Function Implementation
import random
class InteractiveResponder:
def __init__(self):
"""Initializes the responder with default responses."""
self.responses = {
'hello': ['Hi there!', 'Hello!', 'Greetings!'],
'how are you?': ['I\'m just a program, but thanks for asking!', 'Doing well, how can I assist you?'],
'bye': ['Goodbye!', 'See you later!', 'Take care!']
}
def respond(self, user_input):
"""
Responds to user input based on predefined keywords.
Parameters:
user_input (str): The input string from the user.
Returns:
str: A response string or a default message if input is not recognized.
Raises:
ValueError: If user_input is not a string.
"""
if not isinstance(user_input, str):
raise ValueError("Input must be a string.")
# Normalize input to lowercase
user_input = user_input.lower().strip()
# Check for predefined responses
if user_input in self.responses:
return random.choice(self.responses[user_input])
else:
return "I'm sorry, I don't understand that yet. Please train me!"
def train(self, user_input, response):
"""
Trains the responder with a new user input and response.
Parameters:
user_input (str): The input string.
response (str): The corresponding response string.
Returns:
None
Raises:
ValueError: If user_input or response is not a string.
"""
if not isinstance(user_input, str) or not isinstance(response, str):
raise ValueError("Both input and response must be strings.")

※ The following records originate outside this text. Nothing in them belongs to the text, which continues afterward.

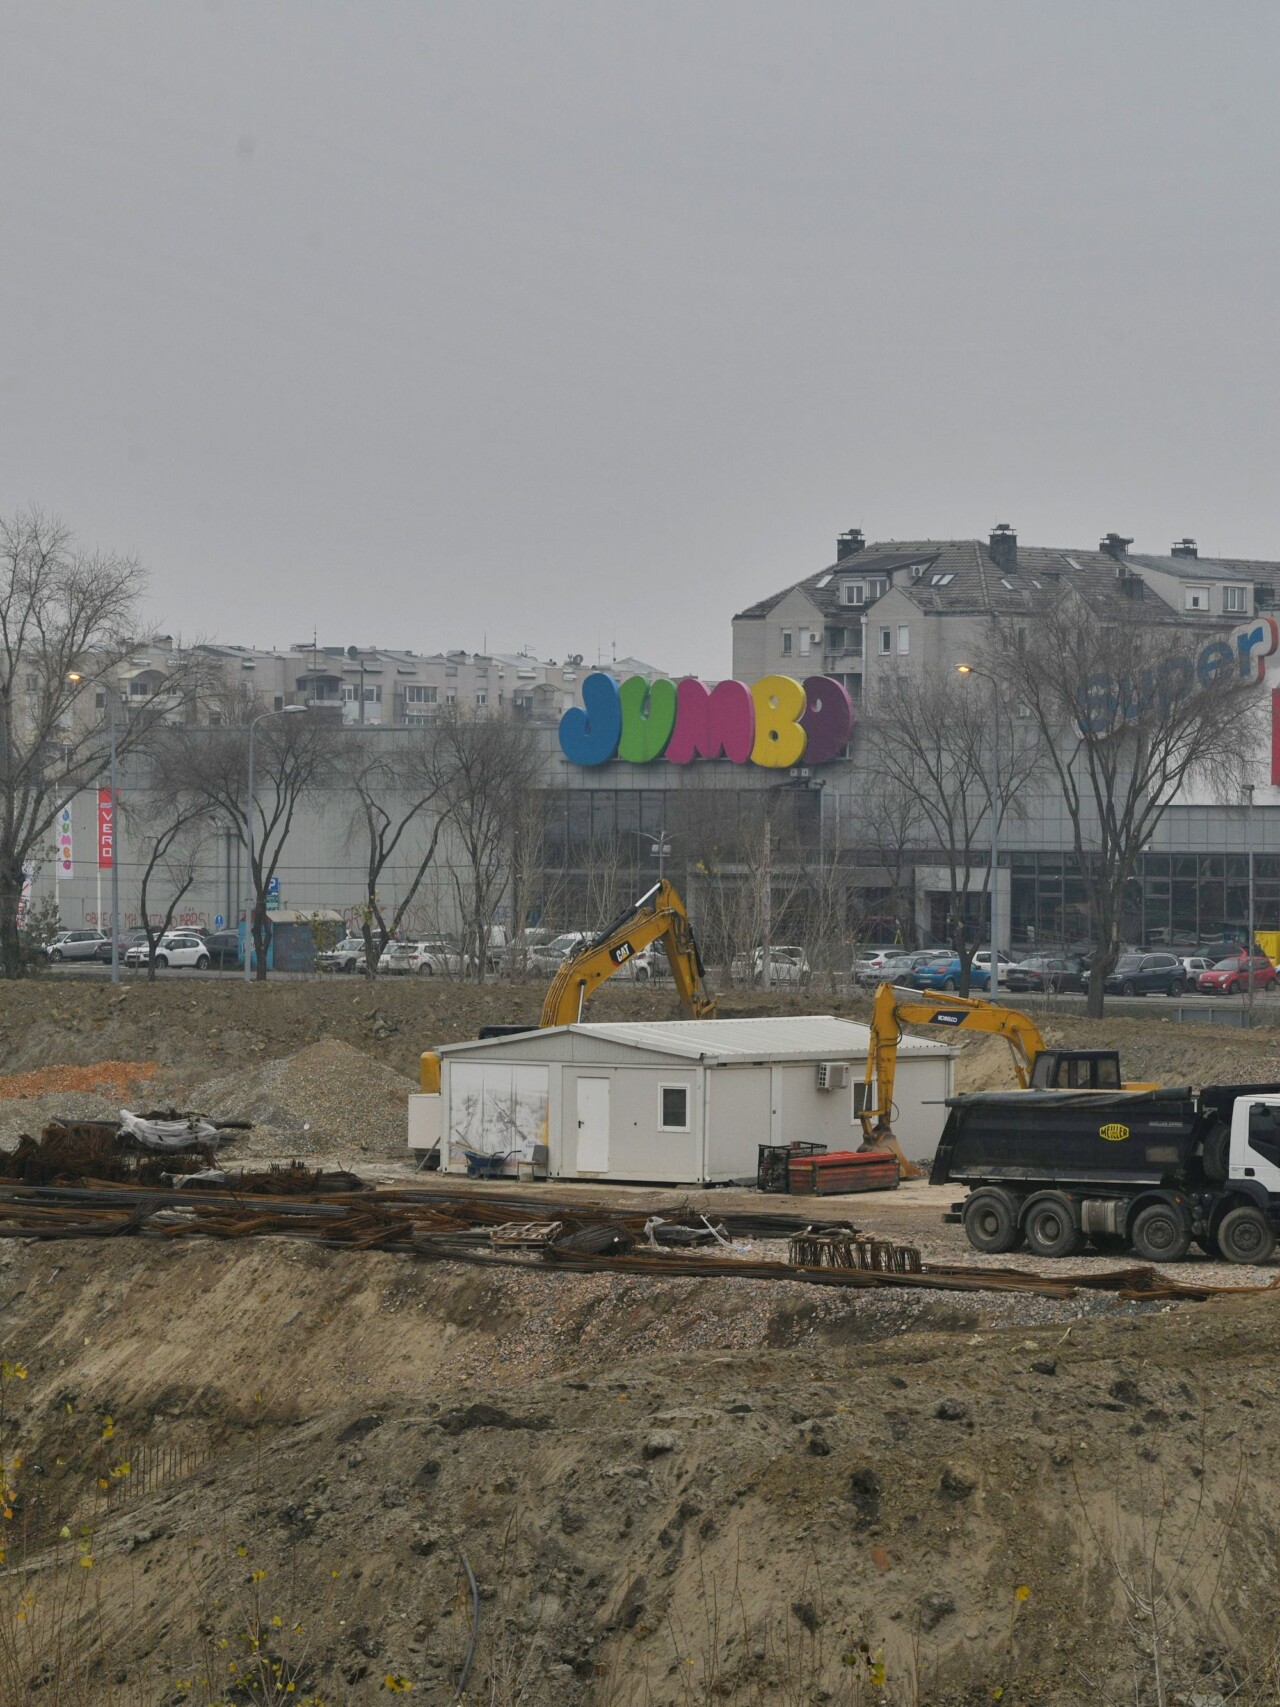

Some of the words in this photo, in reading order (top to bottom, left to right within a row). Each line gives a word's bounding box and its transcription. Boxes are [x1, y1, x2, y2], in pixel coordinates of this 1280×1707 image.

[559, 673, 855, 768] JUMBO
[101, 811, 112, 857] VERO
[616, 943, 630, 962] CAT
[938, 1015, 958, 1023] KOBELCO
[1101, 1125, 1128, 1139] MEILLER
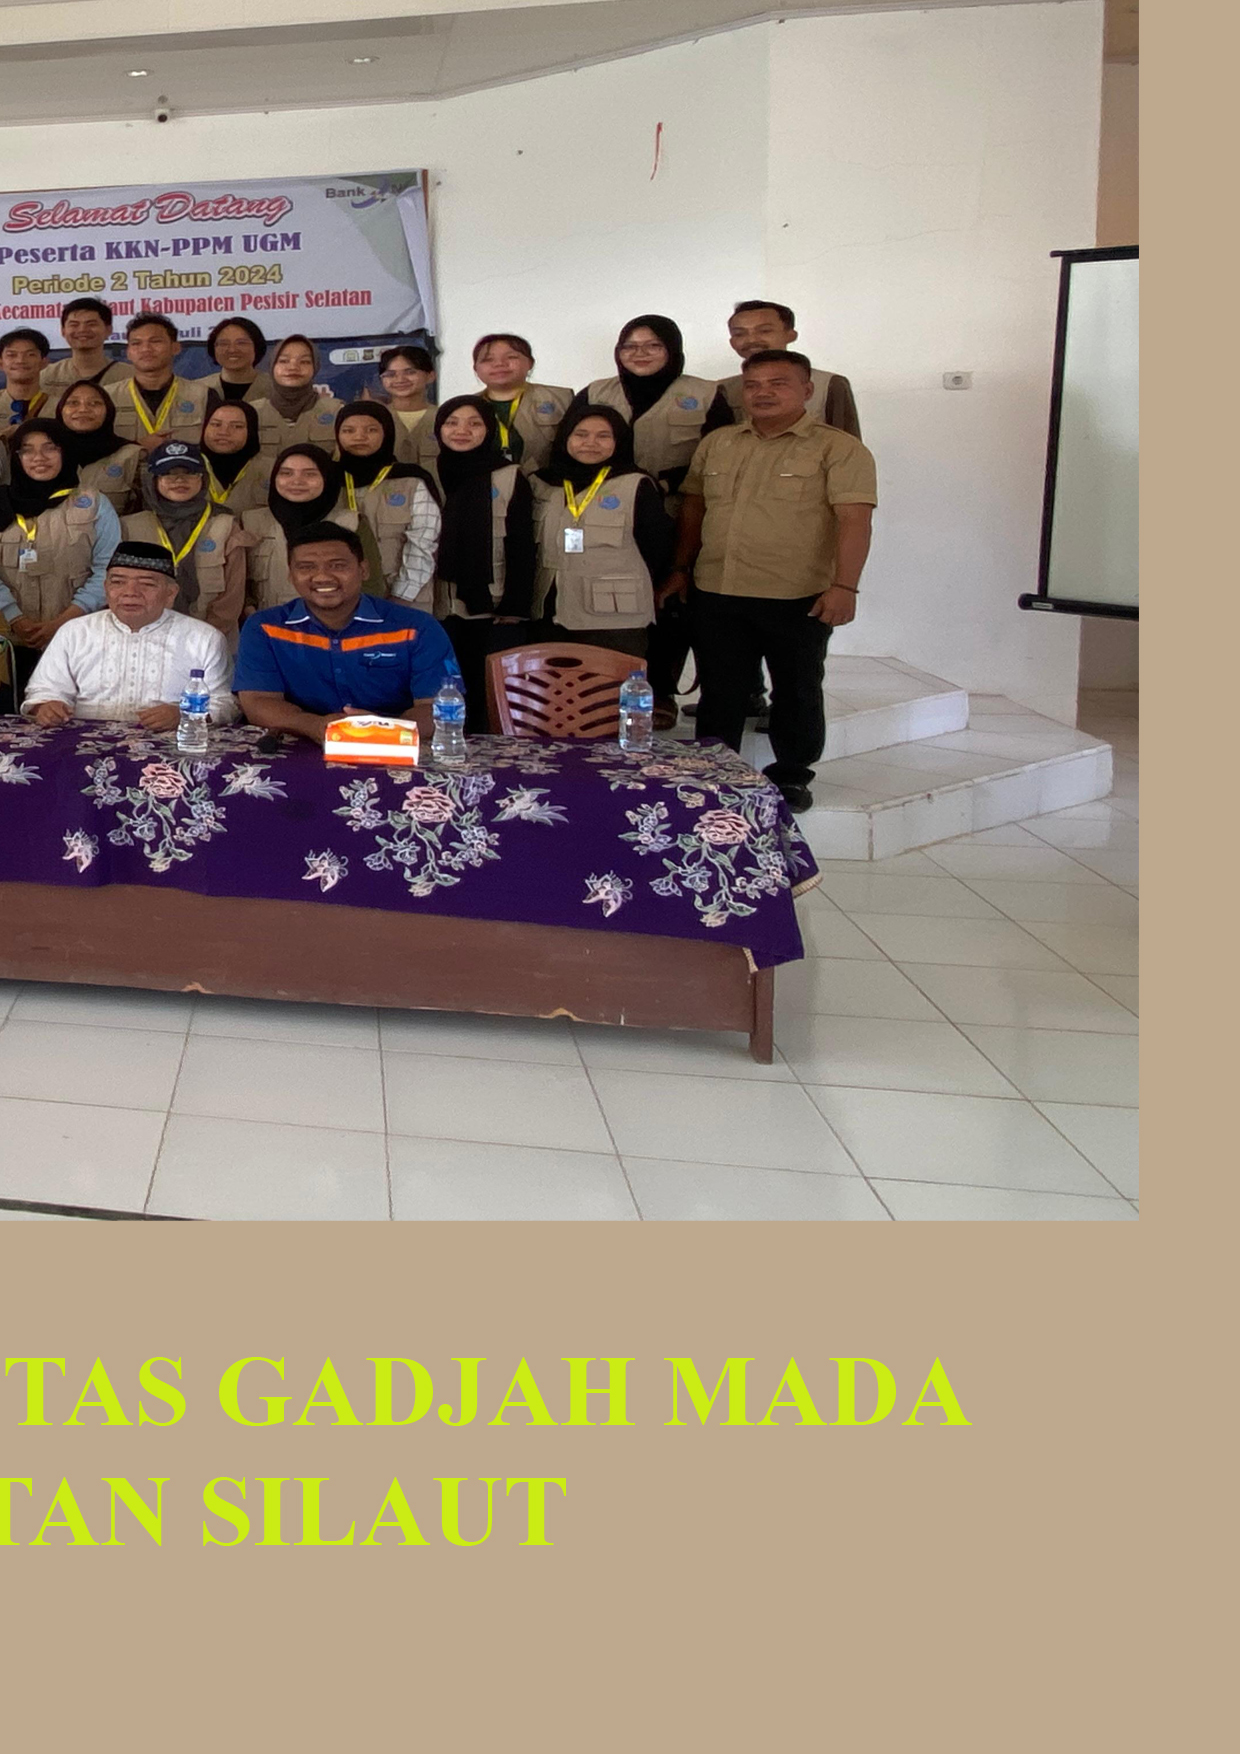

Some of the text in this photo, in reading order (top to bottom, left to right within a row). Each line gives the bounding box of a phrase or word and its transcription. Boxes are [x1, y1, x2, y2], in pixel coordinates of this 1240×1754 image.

[325, 186, 366, 199] Bank
[3, 191, 294, 233] Selamat Datang
[105, 235, 234, 260] KKN-PPM
[242, 231, 302, 253] UGM
[12, 264, 283, 295] Periode 2 Tahun 2024
[141, 295, 235, 316] Kabupaten
[240, 291, 303, 311] Pesisir
[305, 288, 372, 308] Selatan
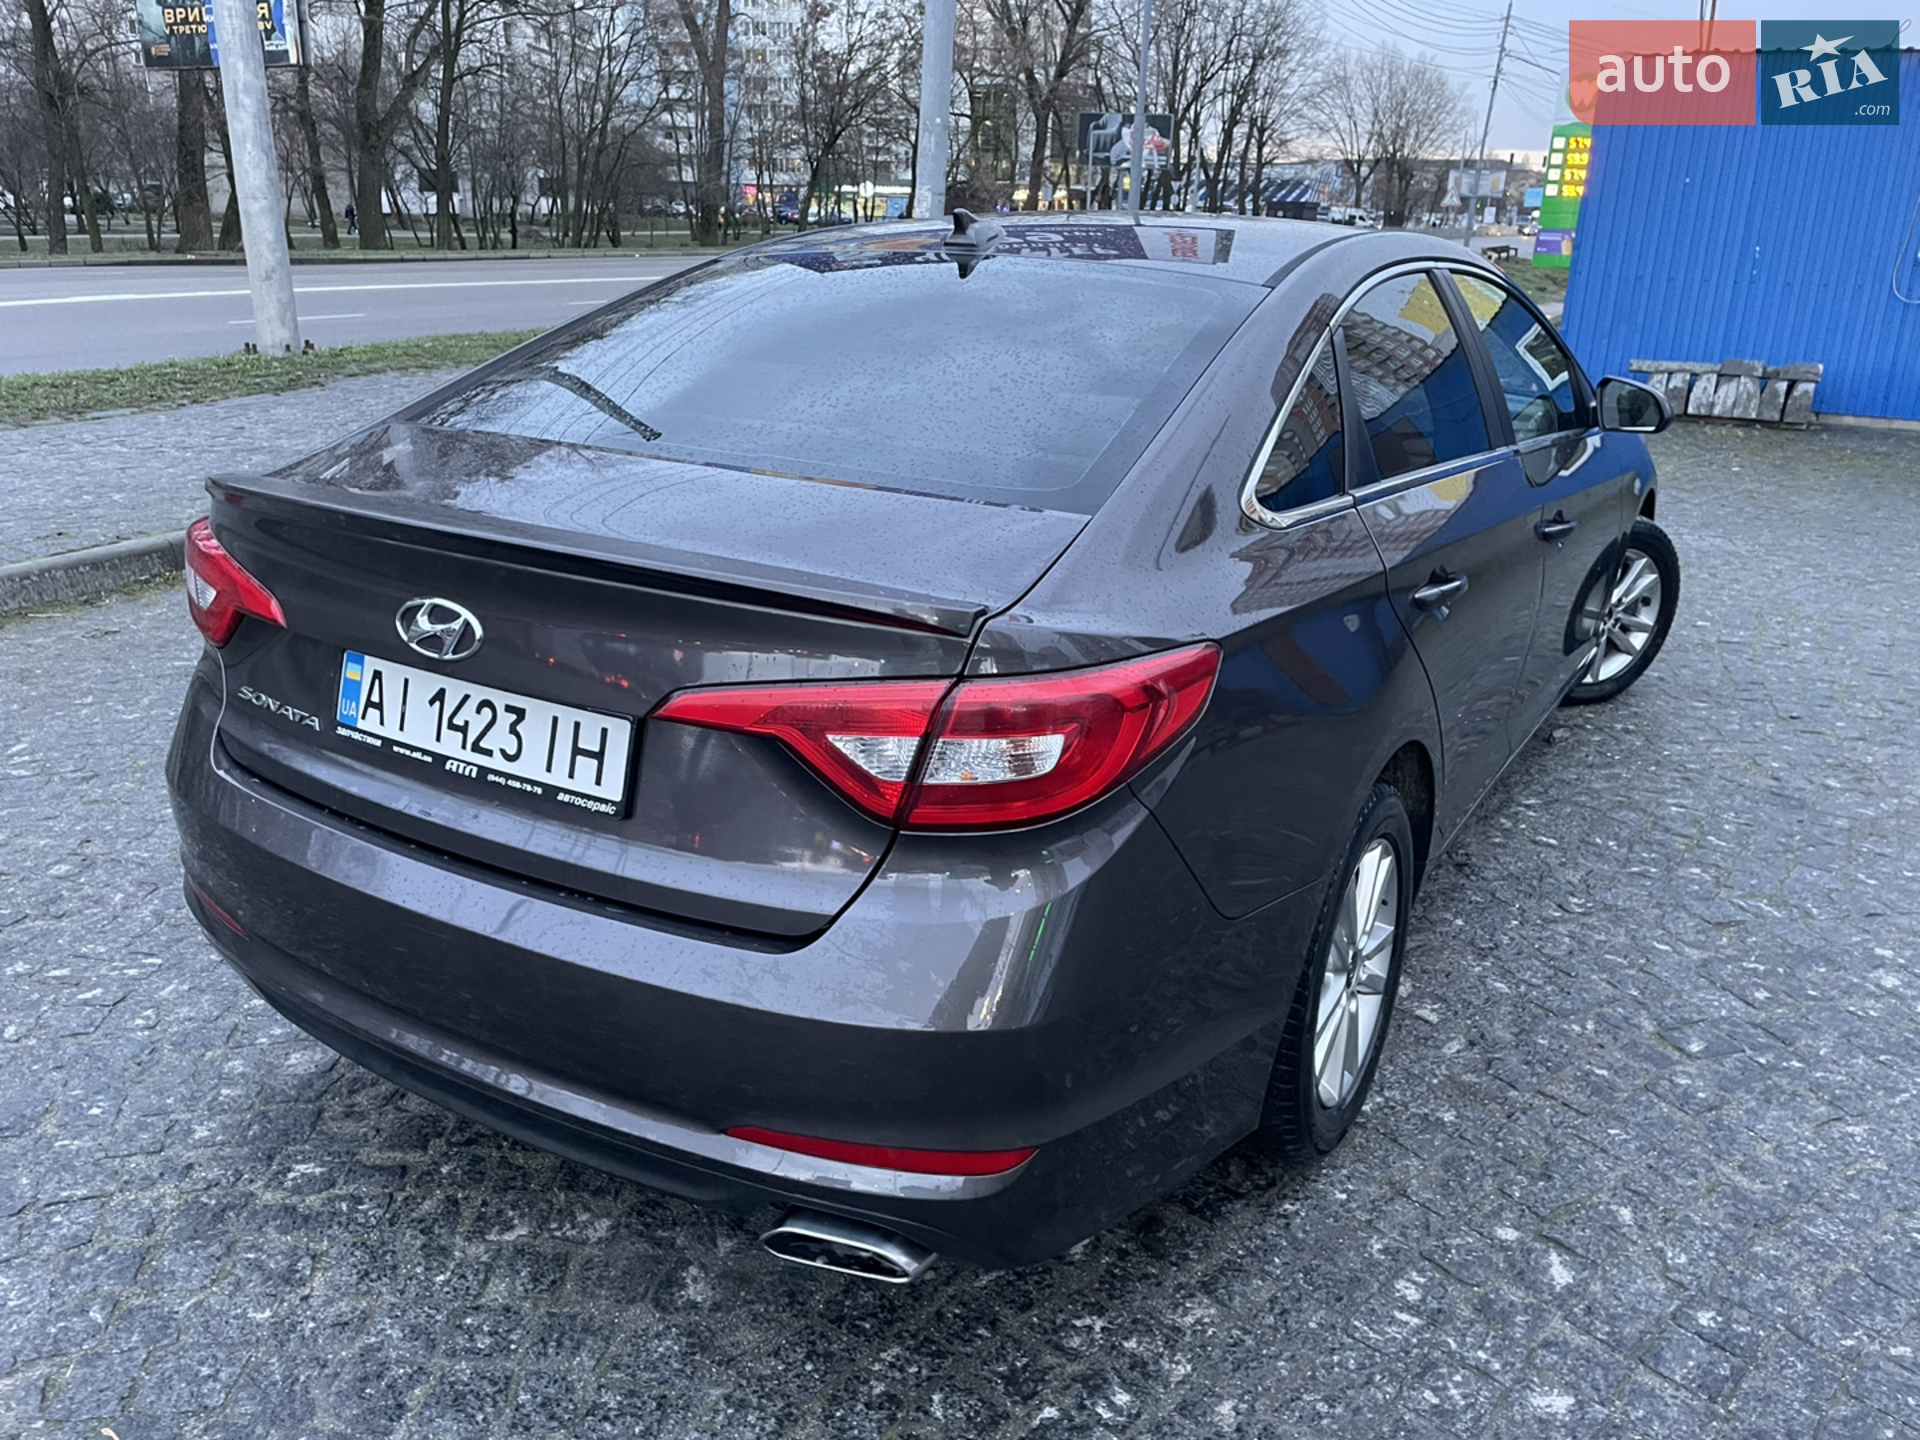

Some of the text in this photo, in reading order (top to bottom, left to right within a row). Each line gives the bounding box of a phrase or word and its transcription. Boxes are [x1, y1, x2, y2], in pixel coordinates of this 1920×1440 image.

[172, 24, 208, 35] ТРЕТЮ
[237, 684, 320, 732] SONATA
[341, 698, 357, 718] UA
[361, 668, 609, 787] AI 1423 IH
[557, 791, 617, 815] автосервіс
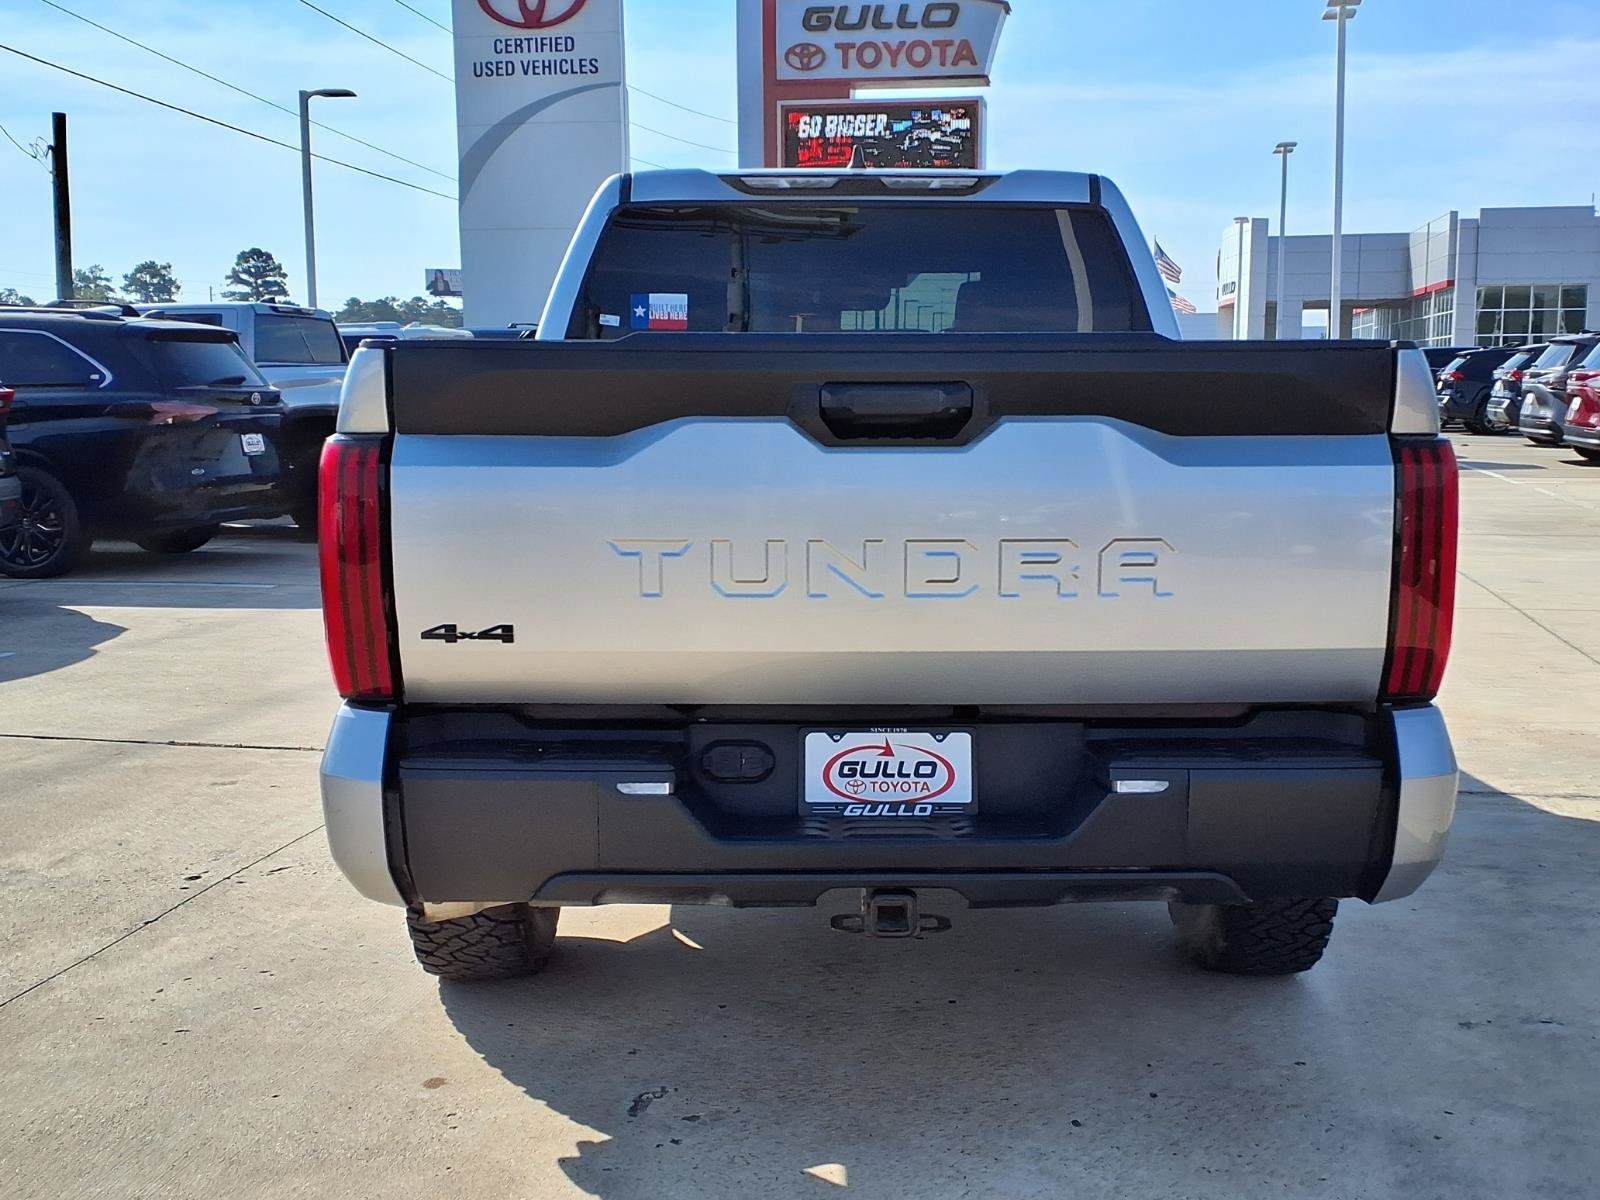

user_input = user_input.lower().strip()
# Add the new response to the dictionary
if user_input not in self.responses:
self.responses[user_input] = []
self.responses[user_input].append(response)
Usage Example
The following example shows how to use the InteractiveResponder
class for interaction and training:
# Create an instance of InteractiveResponder
responder = InteractiveResponder()
# Get a response for a known input
print(responder.respond("Hello")) # Output can be one of the predefined greetings
# Trying an unknown input
print(responder.respond("What is your name?")) # Default response
# Train the responder with new input and response
responder.train("What is your name?", "I am an interactive bot trained to help you.")
# Test the trained input
print(responder.respond("What is your name?")) # Should respond with the newly trained response
Conclusion
This function allows interactive training of a responder in Python. It can be easily extended to include more functionalities. You may also explore courses on the Enterprise DNA Platform for more advanced data manipulation techniques and enhancements to your data science skills.
Feel free to run the provided code, experiment with training it, and observe how it evolves!
Description
This Python function enables interactive communication where users can input prompts and receive dynamic responses. It features a training mechanism for enhancing responses and robust input validation, making it ideal for conversational programming experiments.